A questão foi levantada pelas defesas como uma preliminar. Herman argumentou que essa análise se confundia com o mérito e que não podia ser votada separadamente. Mesmo assim, os ministros optaram por se manifestar sobre o tema antes do voto do relator. Ainda que não tenha havido votação formal, as posições foram explicitadas, com a maioria contra o uso das delações.

O relator destacou que a petição inicial citava a Odebrecht como uma das empreiteiras envolvidas no cartel que atuava na Petrobras e que tinha feito contribuições a PT, PMDB e PP. Ele ressaltou que foi o próprio TSE que decidiu, em 2015, por continuar as investigações ouvindo quem tivesse relação com o esquema da Lava-Jato.

— Quem quiser rasgar a decisão do tribunal, o faça sozinho — disse o relator, quando a maioria contra seu posicionamento já estava desenhada.

Em outubro de 2015, quando o tribunal decidiu continuar as investigações por 5 a 2, Gilmar Mendes afirmou em seu voto, a favor do prosseguimento do processo: “Os delatores no processo da Lava-Jato têm confirmado o depoimento de Paulo Roberto da Costa no sentido de que parte do dinheiro ou era utilizada em campanha eleitoral ou para pagamento de propina”.

 

A ONDA CONTRA AS DELAÇÕES

Houve outra decisão anterior do tribunal a favor dos depoimentos. Em abril deste ano, o TSE havia decidido, por unanimidade, ouvir os delatores que foram descartados nesta semana. Quando o processo foi levado ao plenário, um pedido do representante do Ministério Público Eleitoral, Nicolao Dino, para que o ex-ministro da Fazenda Guido Mantega fosse ouvido na ação abriu a possibilidade para que novas provas fossem anexadas ao processo, com testemunho dos publicitários João Santana e Mônica Moura. Já tinham sido ouvidos naquela época os ex-executivos da Odebrecht. Todos fizeram delação premiada no âmbito da Lava-Jato. Naquela decisão, os sete ministros se posicionaram a favor da audiência de novas testemunhas.
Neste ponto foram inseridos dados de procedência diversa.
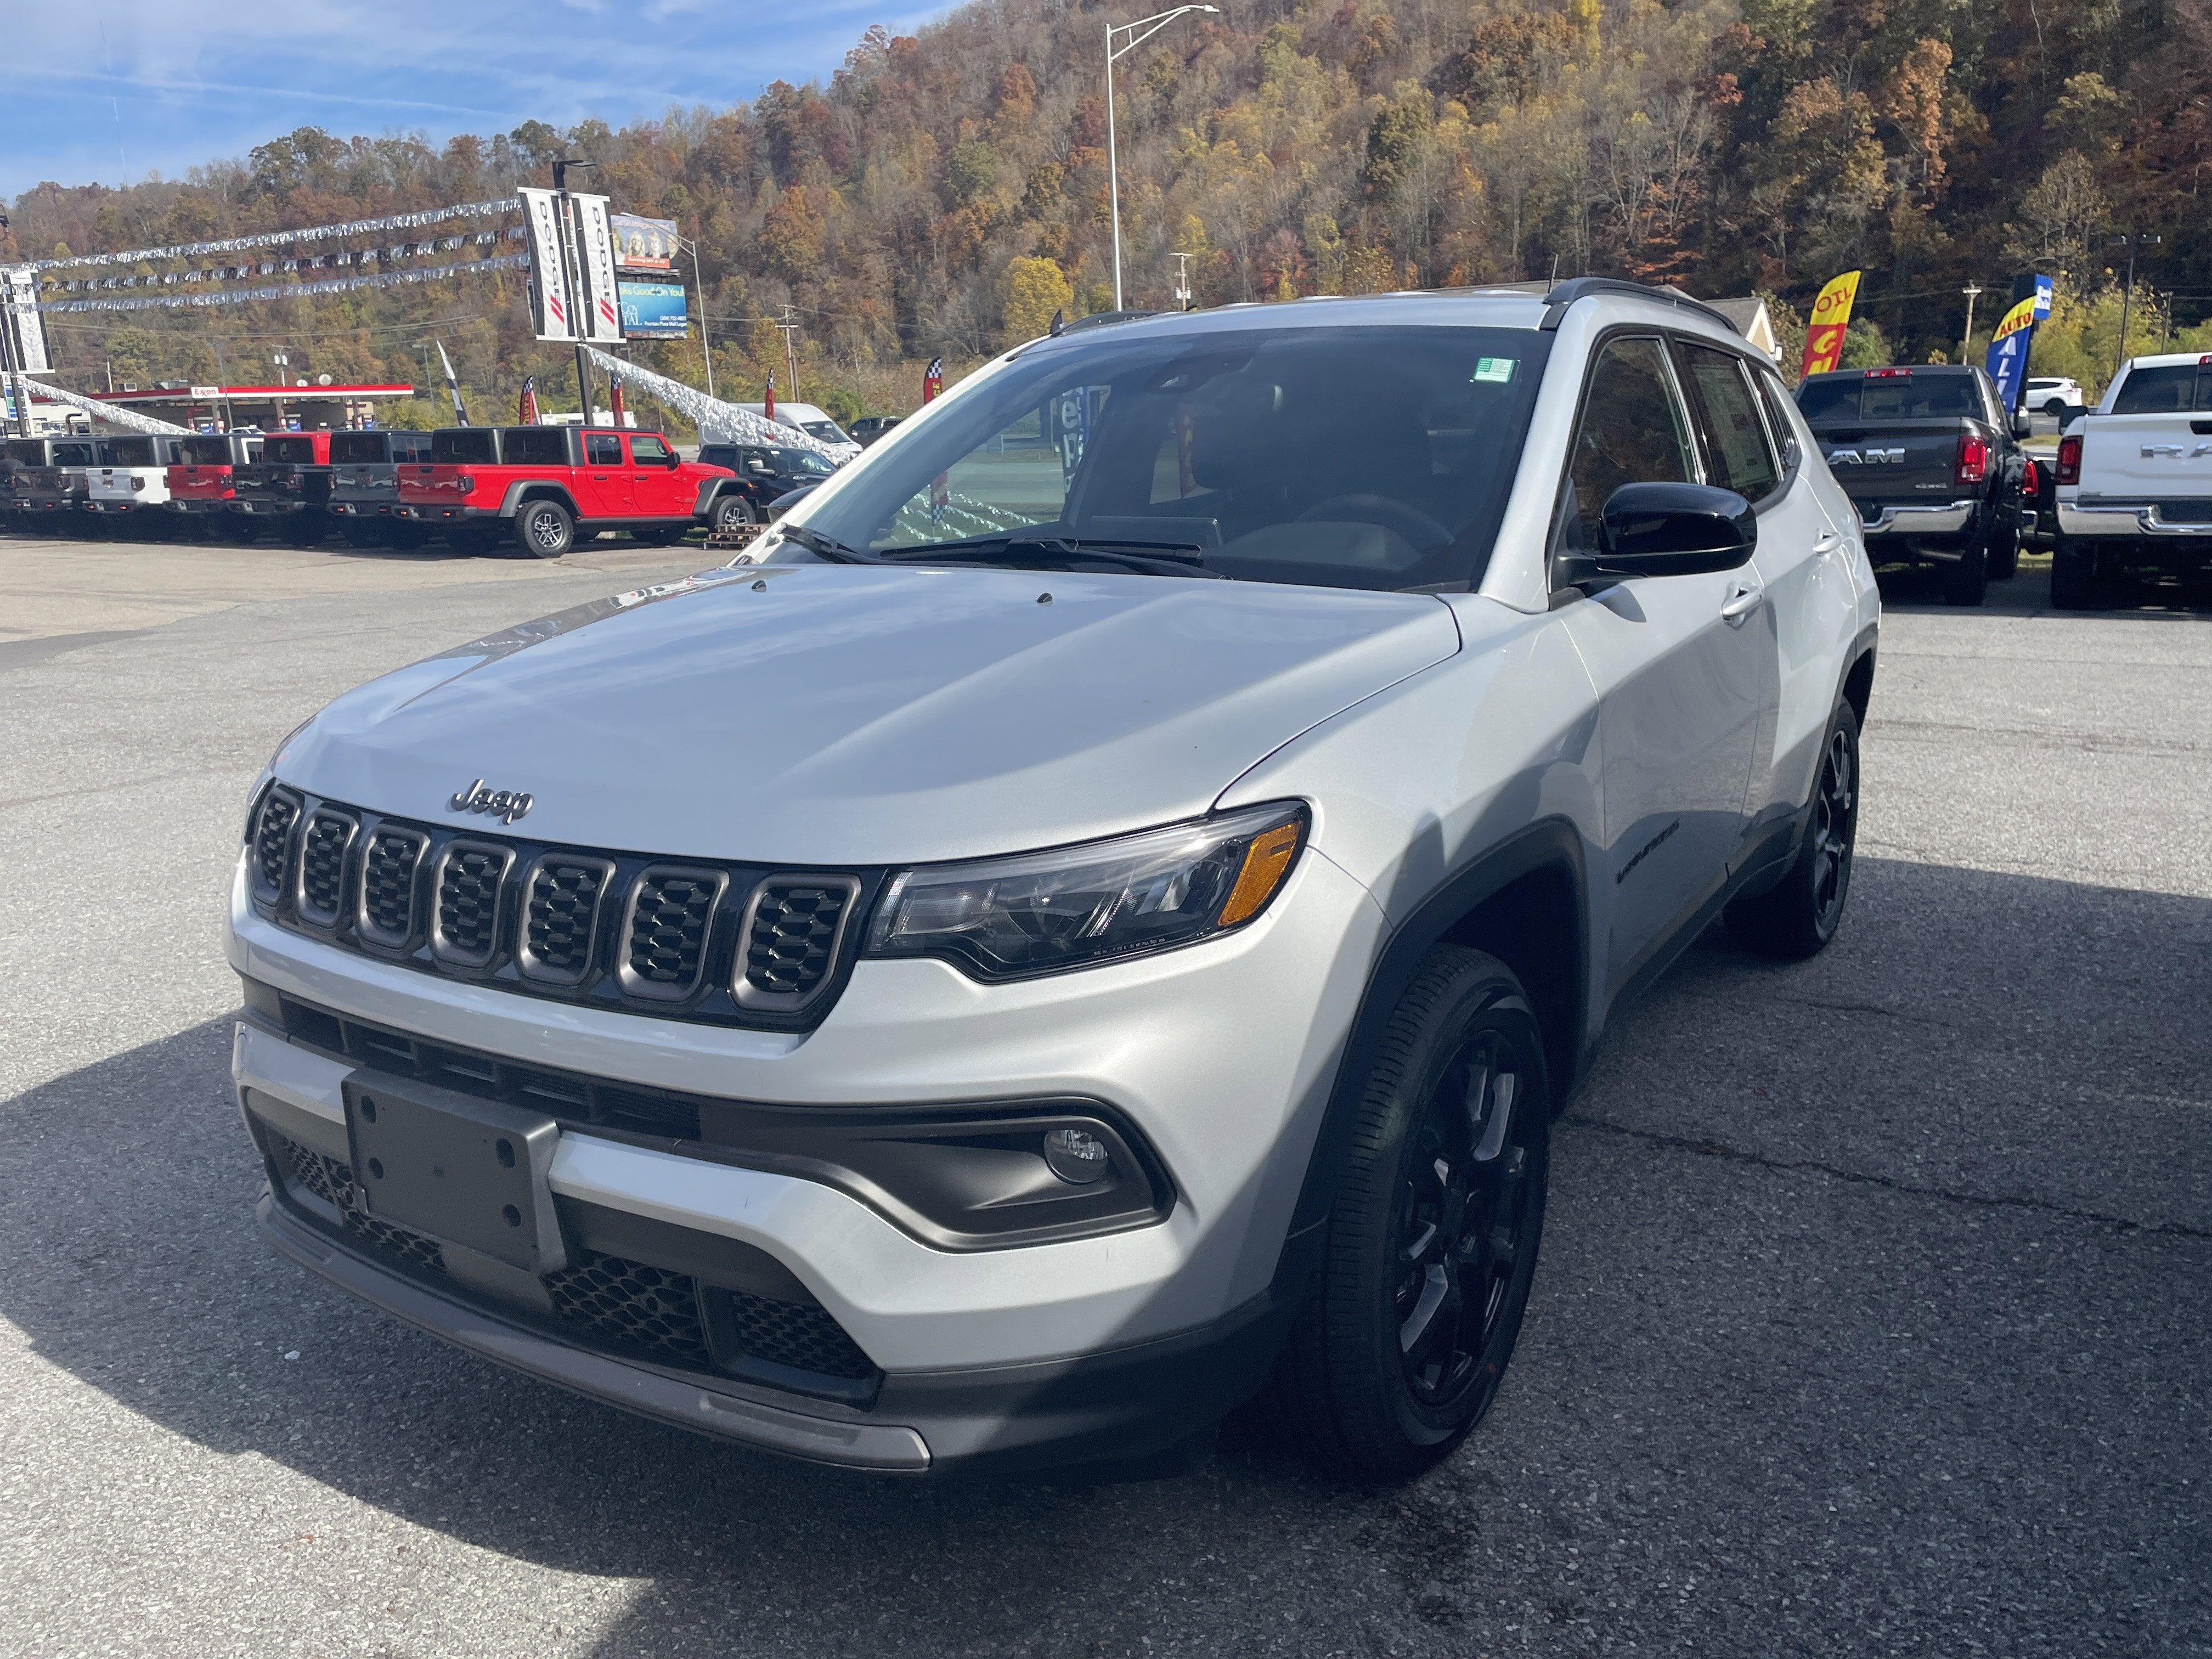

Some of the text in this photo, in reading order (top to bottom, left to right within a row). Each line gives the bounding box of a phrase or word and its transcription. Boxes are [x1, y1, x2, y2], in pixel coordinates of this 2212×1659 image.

Ontem, Gilmar recomendou que o tribunal valorizasse os mandatos e moderasse a “sanha” de cassar políticos eleitos. O ministro Luiz Fux, porém, pontuou que o tribunal não poderia tomar decisões ignorando a realidade política do país, “como um avestruz”.
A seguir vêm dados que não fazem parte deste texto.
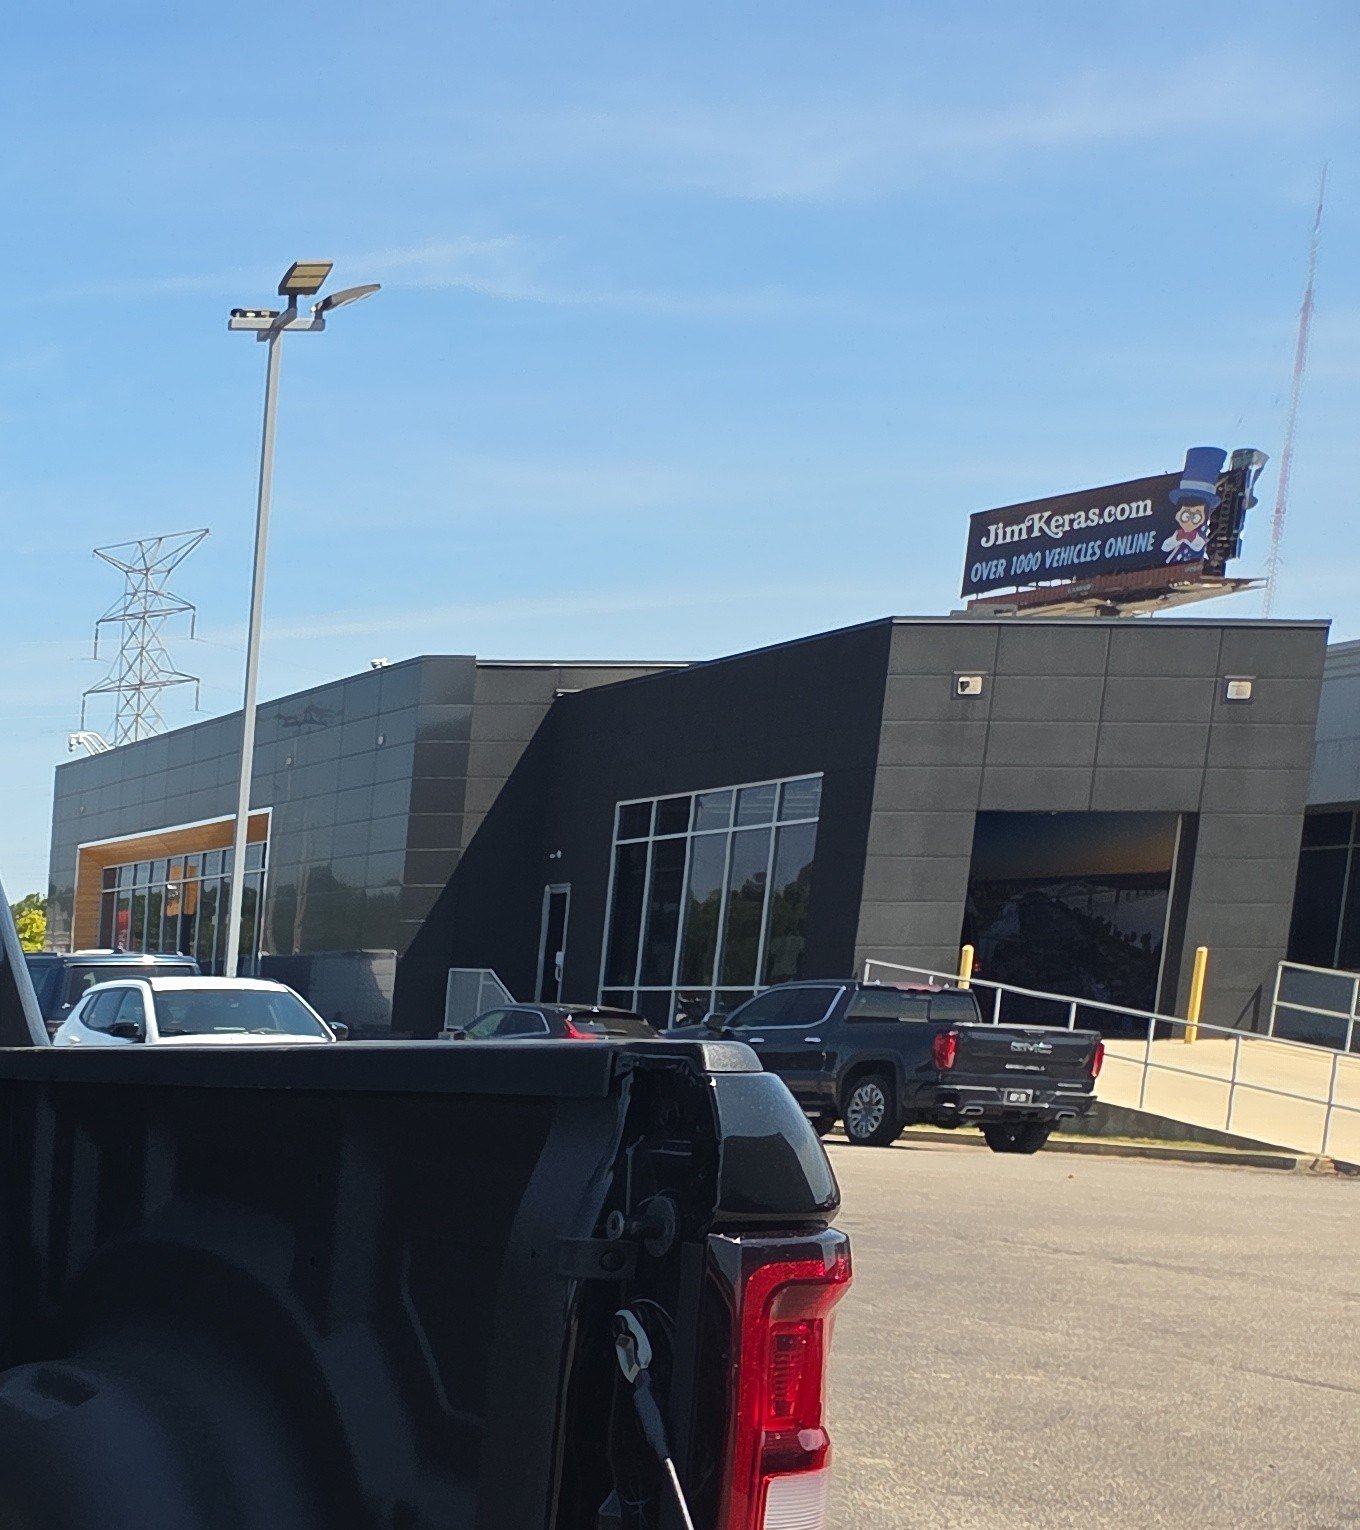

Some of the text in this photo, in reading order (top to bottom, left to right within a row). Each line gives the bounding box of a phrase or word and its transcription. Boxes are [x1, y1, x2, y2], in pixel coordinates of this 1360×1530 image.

O ministro Napoleão argumentou que a ação do PSDB citou depoimento de Paulo Roberto Costa, ex-diretor da Petrobras, em que narrou desvios na estatal para financiar o PT, PMDB e PP ocorridos até 2013. Assim, na sua visão, irregularidades na Petrobras para o financiamento da campanha de 2014 estariam de fora da ação, ainda que tenha havido menção na peça inicial a uma tentativa de repatriação de dinheiro do exterior para a campanha.

 

Gilmar ressaltou o depoimento de Marcelo Odebrecht ao TSE no qual o empreiteiro disse que os recursos destinados a título de caixa dois para a campanha eram uma barganha por uma Medida Provisória. Por isso, na visão do presidente do TSE, a acusação não poderia ser considerada por não constar da peça inicial essa informação.
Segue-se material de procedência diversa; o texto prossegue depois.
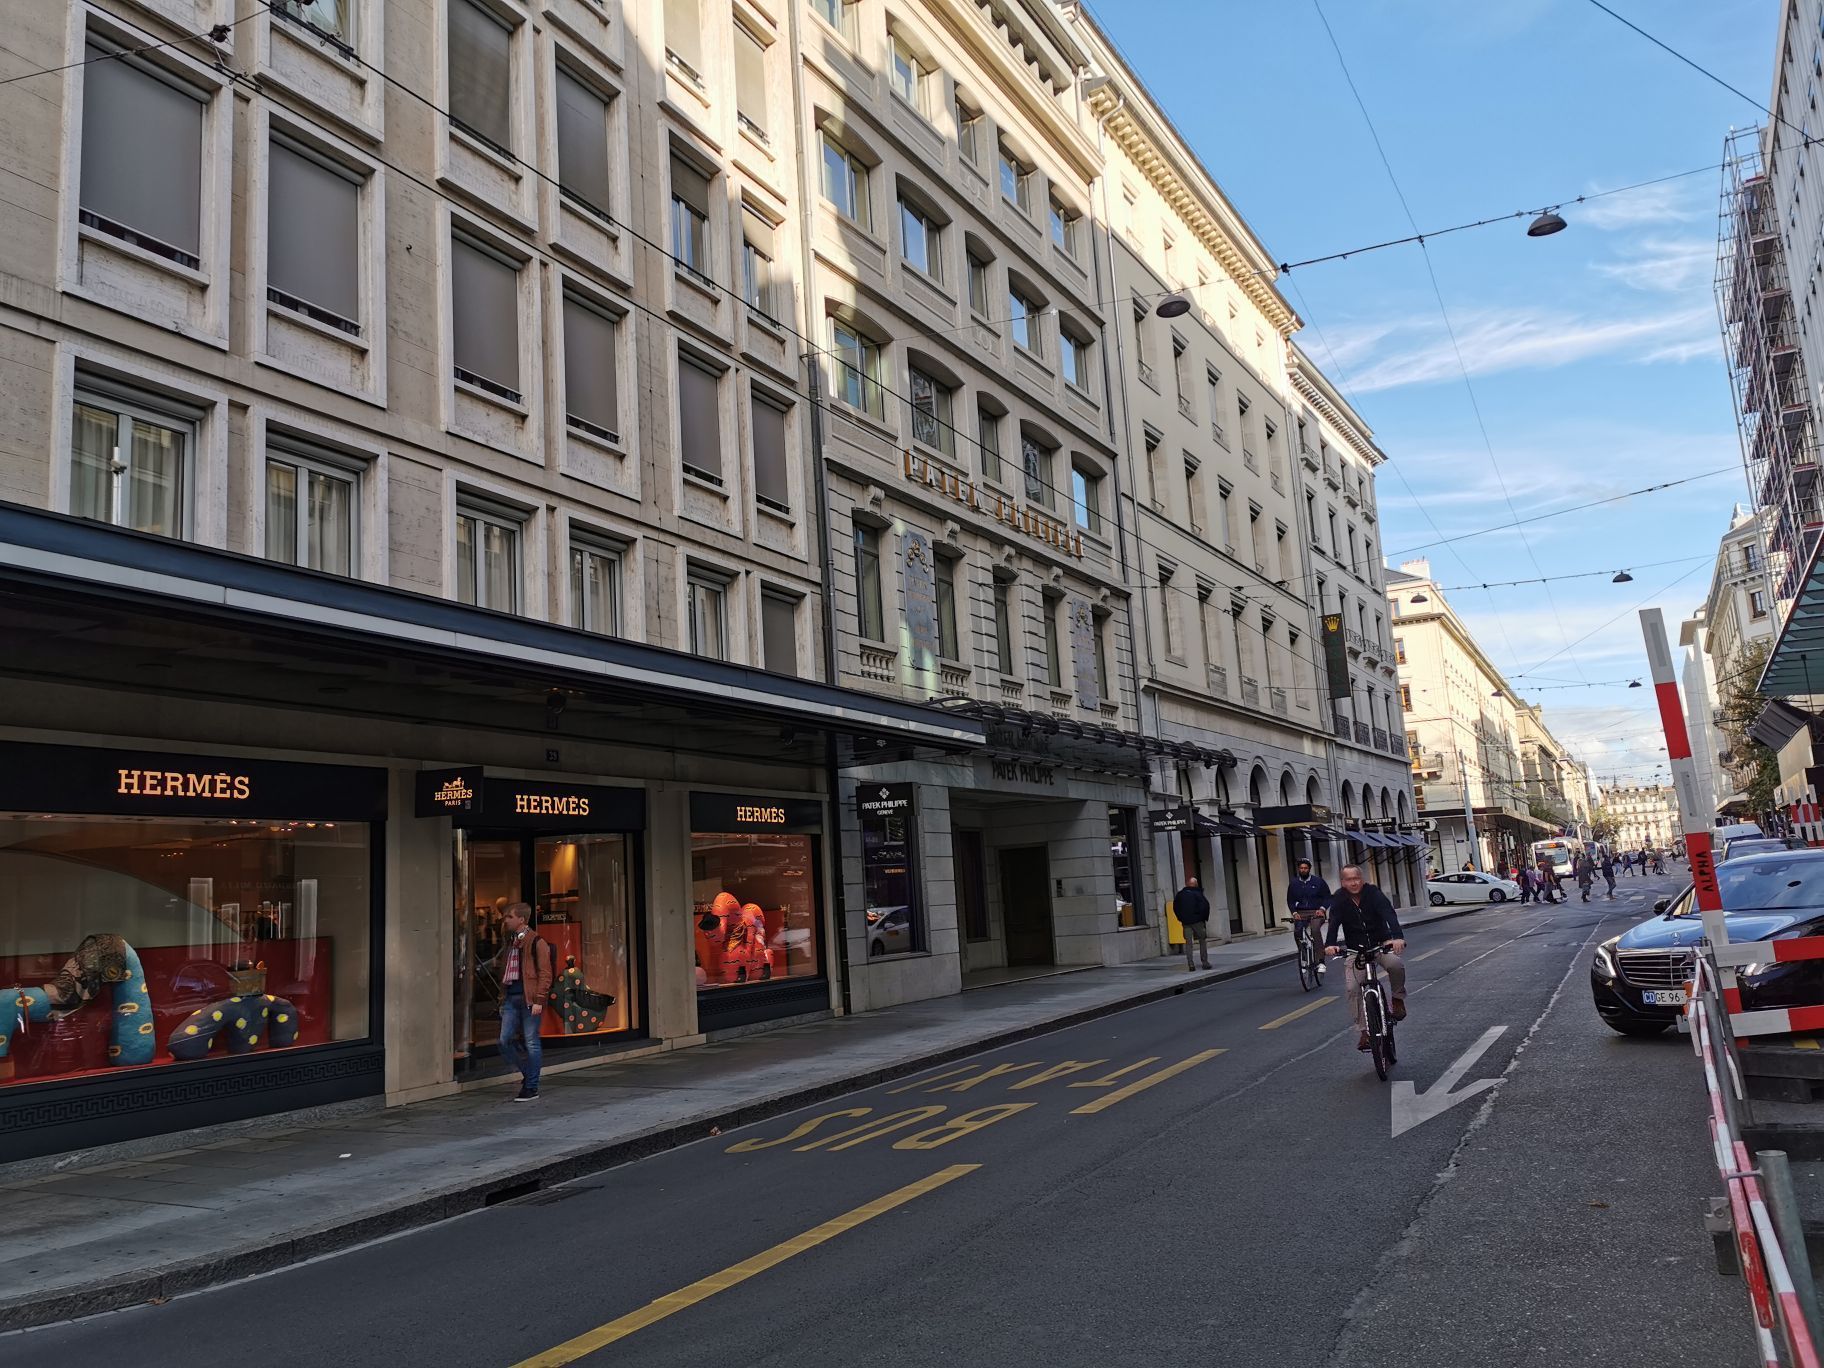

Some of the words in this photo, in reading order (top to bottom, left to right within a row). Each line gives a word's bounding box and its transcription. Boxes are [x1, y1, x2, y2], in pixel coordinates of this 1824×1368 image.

[992, 760, 1018, 781] PATEK
[117, 769, 250, 799] HERMÈS
[434, 788, 473, 801] HERMÈS
[515, 794, 590, 816] HERMÈS
[736, 806, 785, 823] HERMÈS
[862, 801, 881, 810] PATEK
[881, 799, 908, 809] PHILIPPE
[1695, 850, 1714, 892] ALPHA
[1644, 992, 1655, 1003] CD
[1656, 992, 1667, 1003] GE
[885, 1056, 1162, 1094] TAXI
[724, 1102, 1039, 1154] BUS
Os ministros Admar Gonzaga e Tarcísio Vieira, por sua vez, ressaltaram o título do item que trata do tema na peça inicial ressaltando que ele fala apenas em “doações oficiais”. Os dois ministros defenderam que não se devia, portanto, avançar para eventuais provas de caixa dois que chegaram depois ao processo. Herman rebateu afirmando que há a expressão “financiamento ilegal” no texto, demonstrando ser importante analisar todos os casos de contribuições à campanha.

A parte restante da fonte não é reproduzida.